** RECORDS TO PROCESS follows **
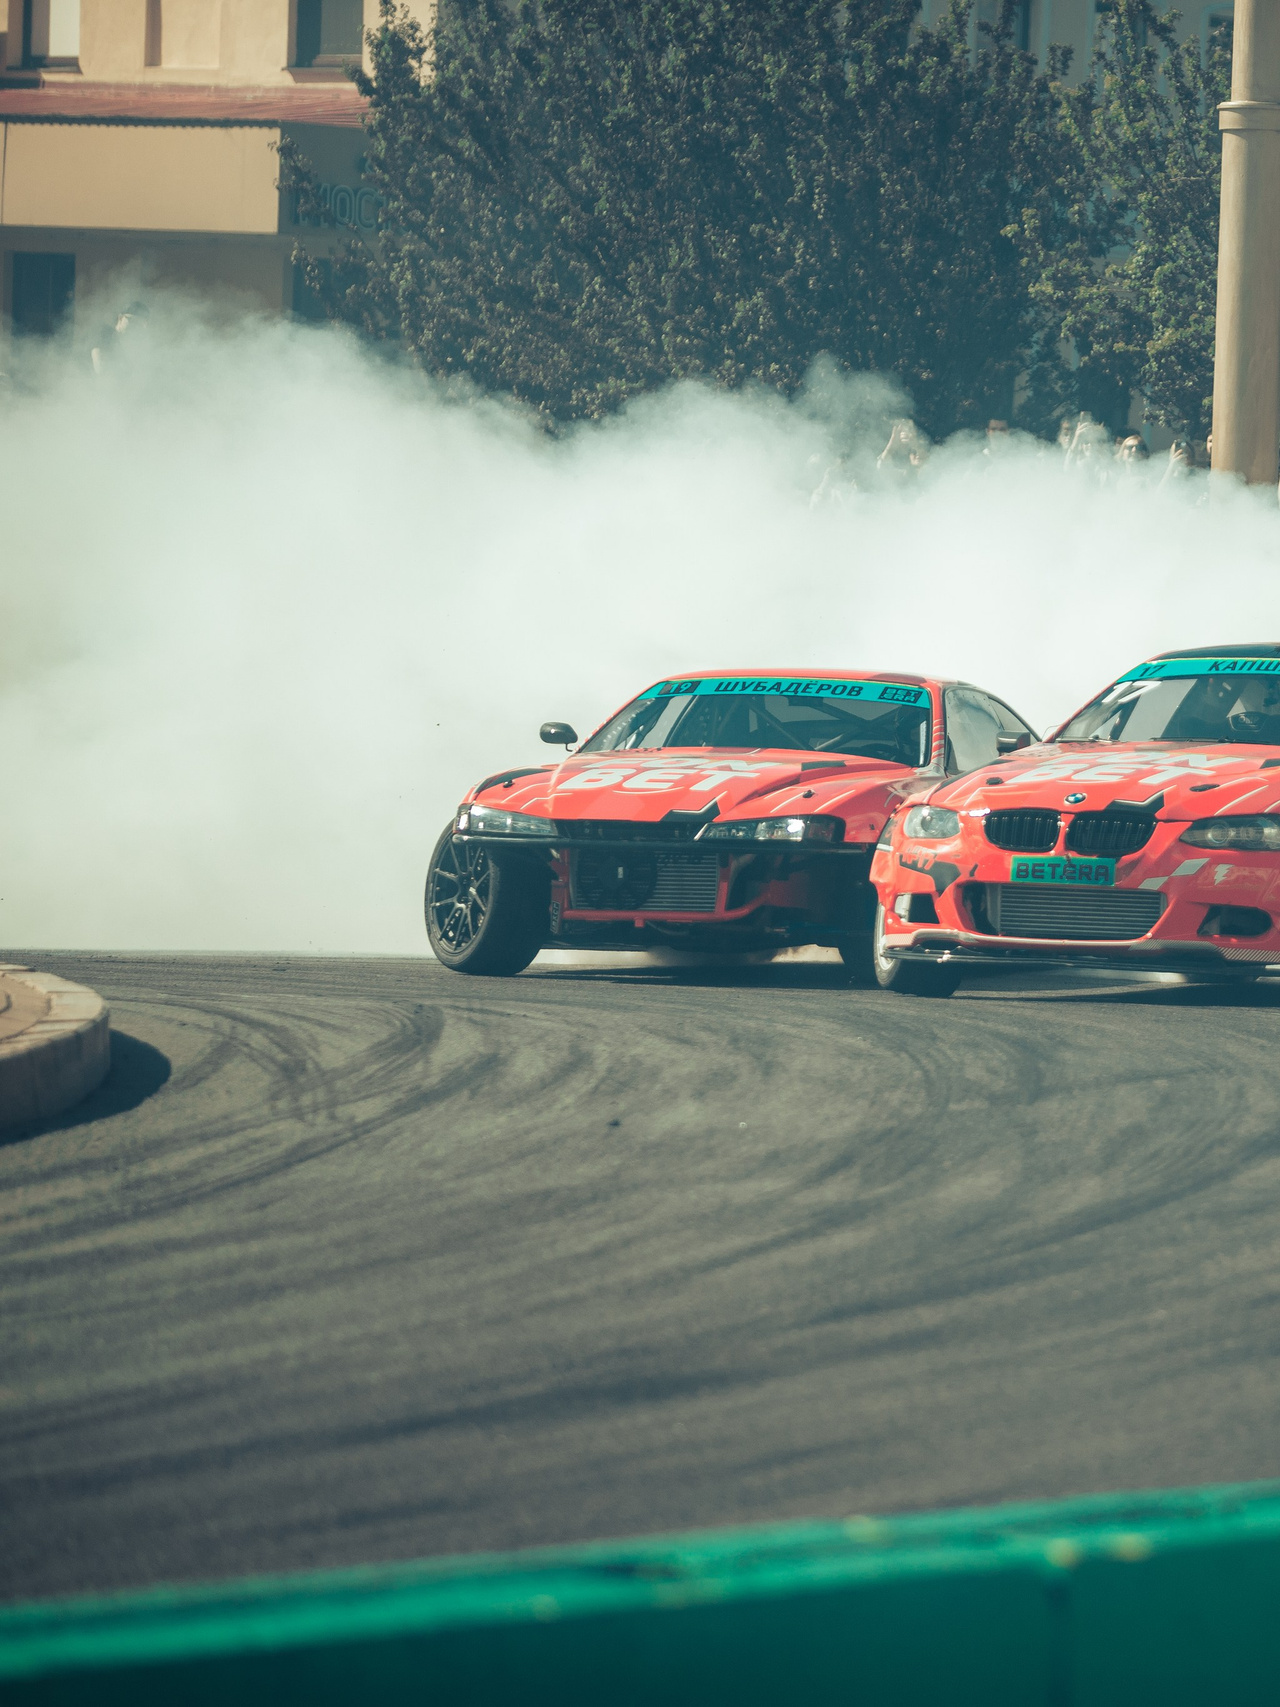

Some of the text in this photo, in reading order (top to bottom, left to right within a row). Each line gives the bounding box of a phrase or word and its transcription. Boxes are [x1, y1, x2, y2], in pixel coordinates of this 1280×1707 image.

[1138, 664, 1167, 678] 17
[669, 682, 692, 693] 19
[714, 680, 864, 697] ШУБАДЁРОВ
[1102, 681, 1162, 703] 17
[580, 757, 783, 771] FON
[1036, 752, 1247, 768] FON
[556, 768, 761, 791] BET
[1003, 763, 1217, 785] BET
[1015, 862, 1110, 882] BET.ERA
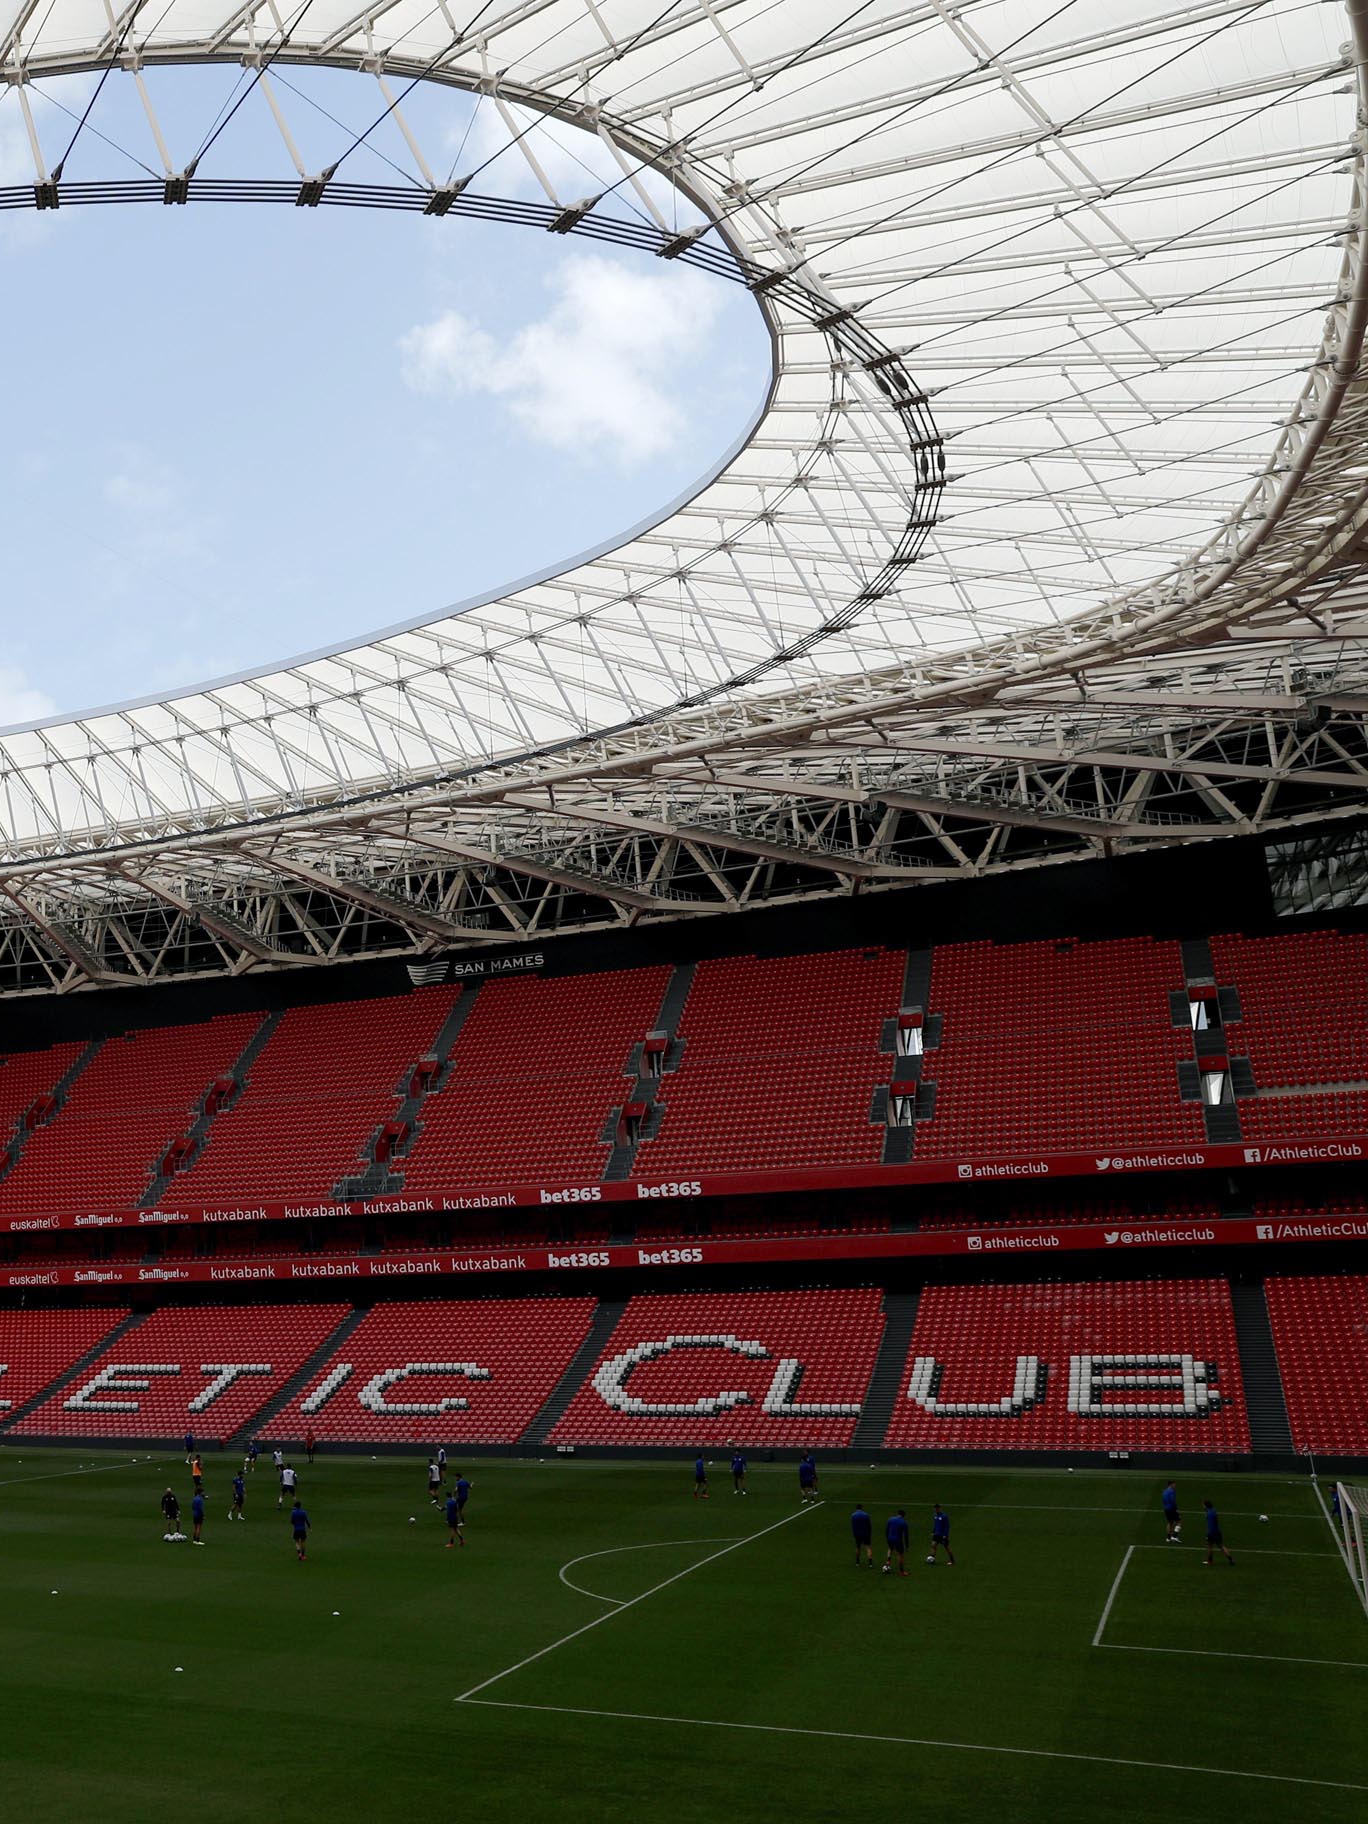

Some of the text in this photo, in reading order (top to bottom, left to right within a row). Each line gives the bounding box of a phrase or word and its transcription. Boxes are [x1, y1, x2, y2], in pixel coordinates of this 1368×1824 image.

[455, 955, 544, 976] SAN MAMES
[1112, 1152, 1205, 1170] @athleticclub
[975, 1161, 1048, 1177] athleticclub
[540, 1186, 601, 1204] bet365
[638, 1180, 701, 1198] bet365
[364, 1198, 433, 1214] kutxabank
[443, 1193, 516, 1209] kutxabank
[203, 1206, 266, 1221] kutxabank
[285, 1202, 351, 1217] kutxabank
[11, 1218, 50, 1230] euskaltel
[1277, 1223, 1368, 1238] /AthleticClu
[985, 1235, 1059, 1248] athleticclub
[1121, 1229, 1214, 1243] @athleticclub
[452, 1256, 526, 1270] kutxabank
[548, 1251, 610, 1268] bet365
[638, 1247, 703, 1264] bet365
[211, 1265, 275, 1278] kutxabank
[292, 1262, 359, 1276] kutxabank
[371, 1259, 440, 1274] kutxabank
[9, 1274, 49, 1285] euskaltel
[591, 1334, 1231, 1418] CLUB
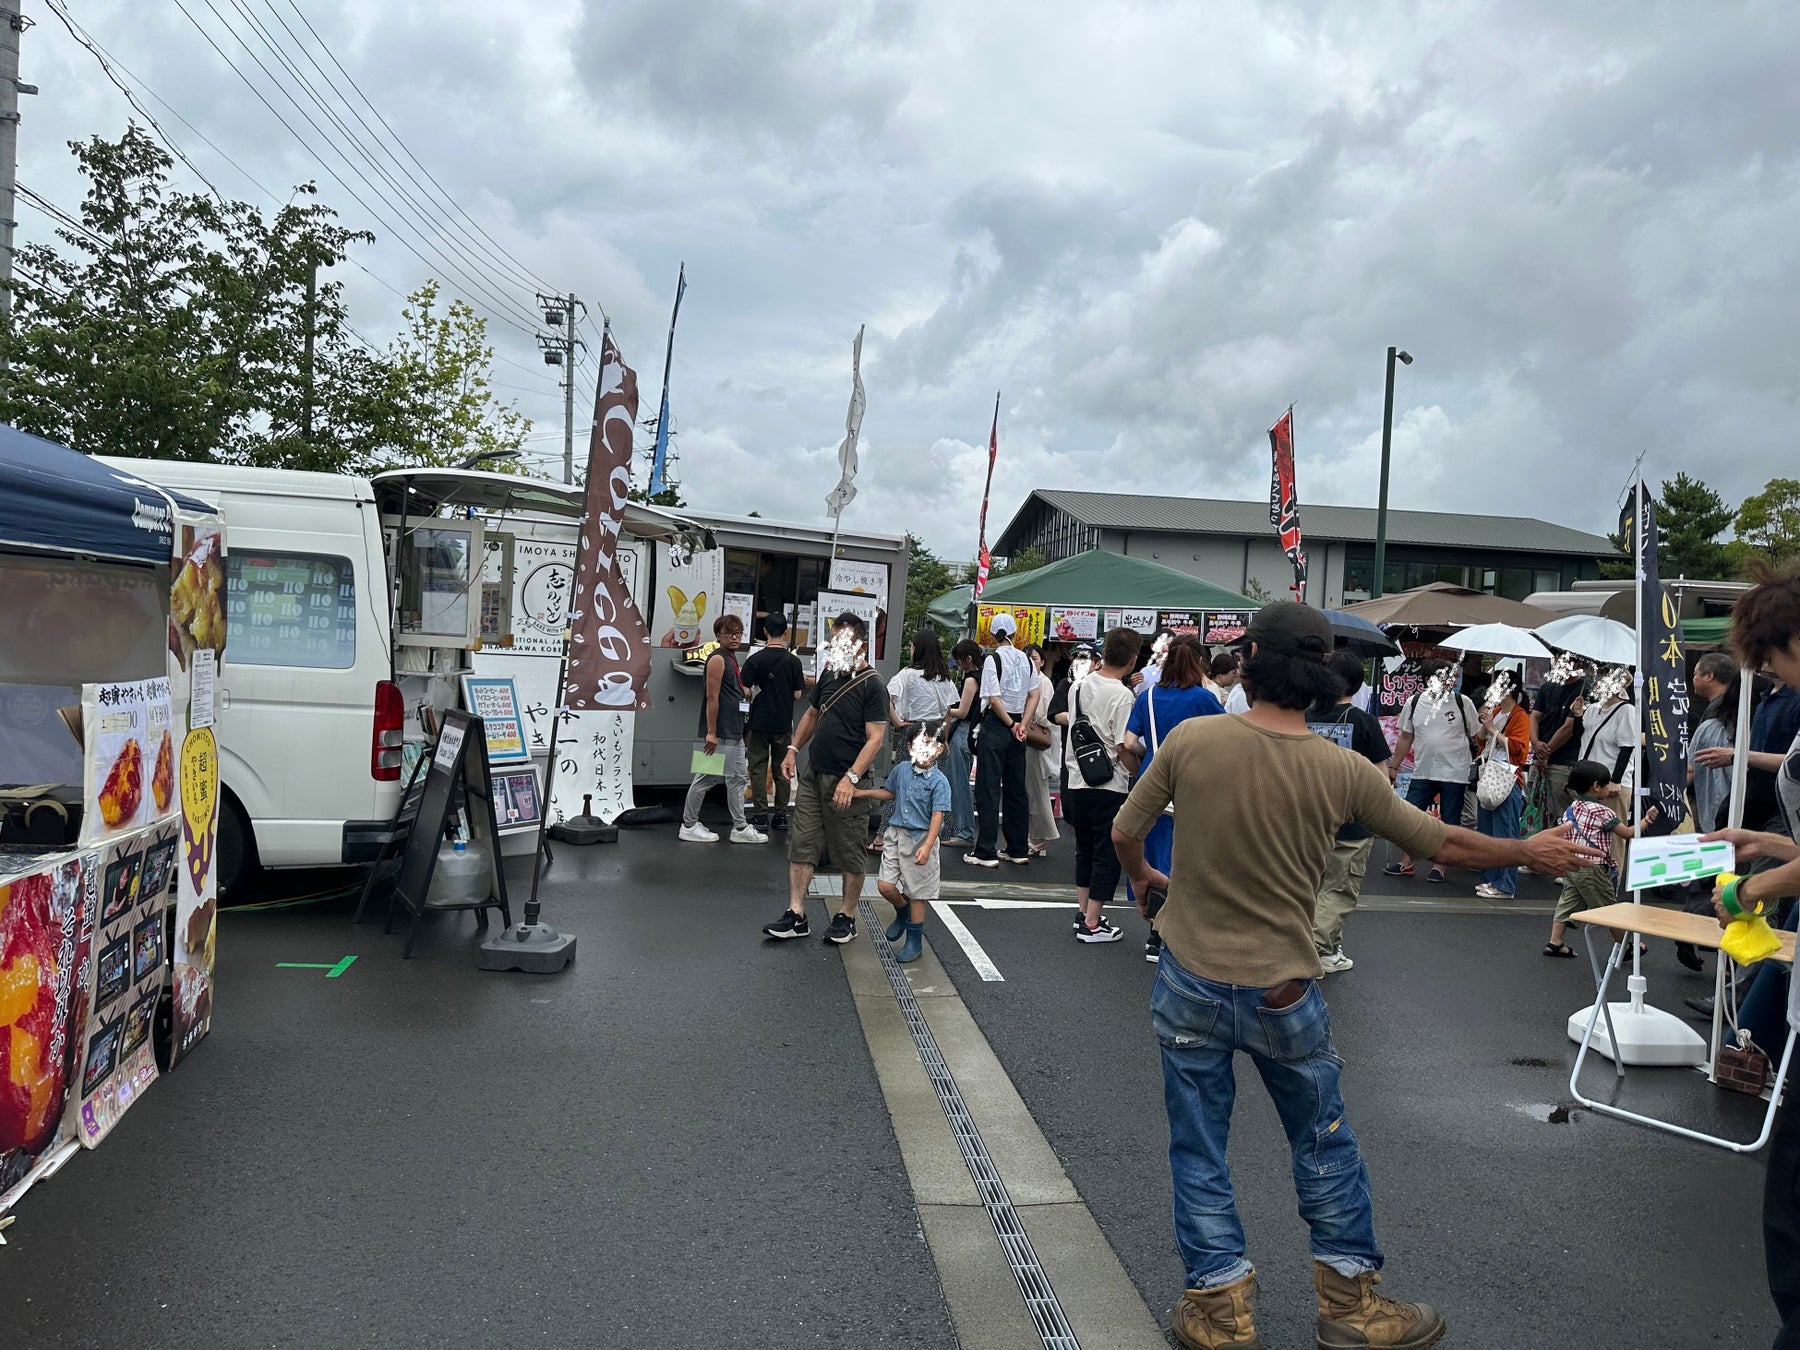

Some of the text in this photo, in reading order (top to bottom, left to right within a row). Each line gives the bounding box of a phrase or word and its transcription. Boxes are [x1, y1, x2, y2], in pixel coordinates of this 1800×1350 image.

[519, 546, 556, 556] IMOYA
[558, 710, 580, 775] 本一の
** End of RECORDS TO PROCESS **
With the pictures omitted, give every line above again exactly.

• [SOLUTION TO THIS TASK]:
Some of the text in this photo, in reading order (top to bottom, left to right within a row). Each line gives the bounding box of a phrase or word and its transcription. Boxes are [x1, y1, x2, y2], in pixel coordinates of this 1280×1707 image.

[1138, 664, 1167, 678] 17
[669, 682, 692, 693] 19
[714, 680, 864, 697] ШУБАДЁРОВ
[1102, 681, 1162, 703] 17
[580, 757, 783, 771] FON
[1036, 752, 1247, 768] FON
[556, 768, 761, 791] BET
[1003, 763, 1217, 785] BET
[1015, 862, 1110, 882] BET.ERA

Some of the text in this photo, in reading order (top to bottom, left to right within a row). Each line gives the bounding box of a phrase or word and its transcription. Boxes are [x1, y1, x2, y2], in pixel coordinates of this 1368×1824 image.

[455, 955, 544, 976] SAN MAMES
[1112, 1152, 1205, 1170] @athleticclub
[975, 1161, 1048, 1177] athleticclub
[540, 1186, 601, 1204] bet365
[638, 1180, 701, 1198] bet365
[364, 1198, 433, 1214] kutxabank
[443, 1193, 516, 1209] kutxabank
[203, 1206, 266, 1221] kutxabank
[285, 1202, 351, 1217] kutxabank
[11, 1218, 50, 1230] euskaltel
[1277, 1223, 1368, 1238] /AthleticClu
[985, 1235, 1059, 1248] athleticclub
[1121, 1229, 1214, 1243] @athleticclub
[452, 1256, 526, 1270] kutxabank
[548, 1251, 610, 1268] bet365
[638, 1247, 703, 1264] bet365
[211, 1265, 275, 1278] kutxabank
[292, 1262, 359, 1276] kutxabank
[371, 1259, 440, 1274] kutxabank
[9, 1274, 49, 1285] euskaltel
[591, 1334, 1231, 1418] CLUB

Some of the text in this photo, in reading order (top to bottom, left to right within a row). Each line gives the bounding box of a phrase or word and its transcription. Boxes are [x1, y1, x2, y2], in pixel coordinates of this 1800×1350 image.

[519, 546, 556, 556] IMOYA
[558, 710, 580, 775] 本一の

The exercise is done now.